By that time we had moved again and acquired a sequence of lesser cats over whom Christopher ruled supreme.  But the cats were lesser only in age and weight.  Each was a distinct personality.  Some stayed with us a few years, others much longer.  At maximum we had five at once, but the grand total was double that.  We were fortunate to have few tragic deaths.  Cats just disappeared–perhaps killed by cars or coyotes, or adopted by other families, or attracted to catly solitude–and we mourned them for a while then found another cat to adopt.  Fuzzy (gray and fuzzy) and So-so (black and beautiful) hung around for years.  Fuzzy lived atop the refrigerator, from which he leapt onto the shoulders of the unwary, and he peed down holes, including the stove burners.  I bought covers for the burners.  So-so was more civilized.

Most of the cats seemed to regard us as their servants, but some felt obliged to bring us gifts.  Groucho (black mustache) brought us mice or pieces of mice.  Another brought an occasional garter snake.  Ethel White was named for a cat in one of my mysteries–her litter mate was Ethelred, an orange cat.  Ethel had a very soft mouth.  She used to catch baby birds without killing them.  She would bring them in through the cat-flap and set them free on the back porch.  She sat there watching them with an air of complacence while the bird fluttered frantically in the curtains, and I shrieked and tried to herd the poor thing out the open back door.  Perhaps the most generous cat was Tiger.  He brought us a whole roast of beef from the neighbor’s garbage.

Tiger was not a large cat, but he had a large appetite and was apt to steal food from the dinnertable.
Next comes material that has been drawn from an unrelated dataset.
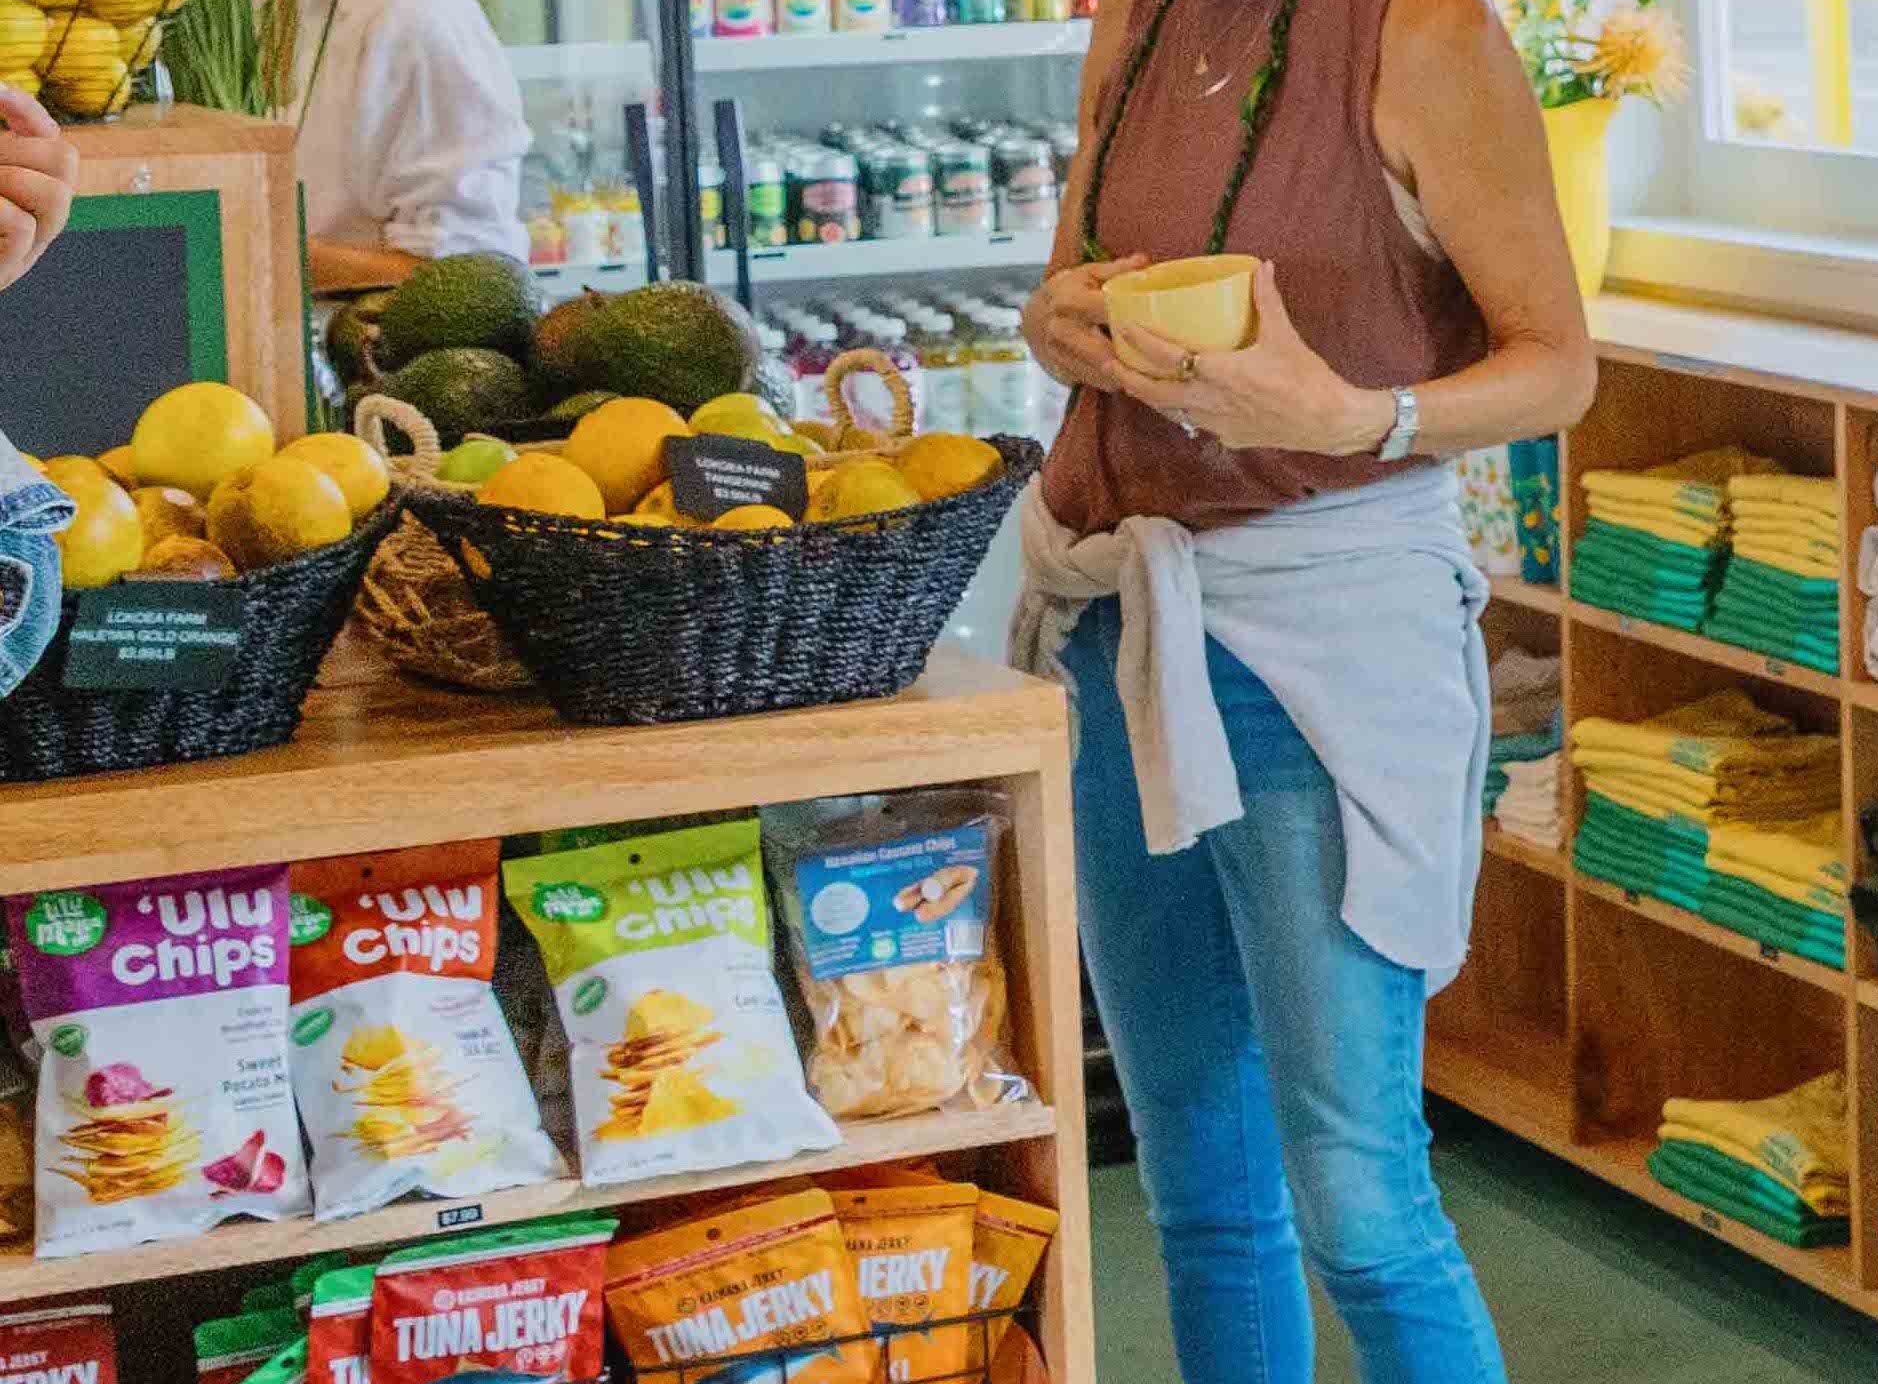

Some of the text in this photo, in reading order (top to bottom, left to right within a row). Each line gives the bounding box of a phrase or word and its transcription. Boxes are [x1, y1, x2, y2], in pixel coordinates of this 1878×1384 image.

The sight of a small striped cat running off with a whole baked potato in his mouth is one of my more vivid memories.  As he grew older, Tiger developed other eccentricities that made him less than loveable.  Perhaps he knew that.  One winter day we built a fire on the living room hearth and sat around it with Tiger basking right next to the firescreen.  He basked until he baked his tiny brain and began flopping around in convulsions.  We gathered around him, murmuring sad soothing comments.  “Oh, Tiger, poor Tiger, poor old fellow.”  We were sure he was dying, and we made much of him.  When he had us in the palm of his paw, he leapt to his feet and trotted off, fully recovered.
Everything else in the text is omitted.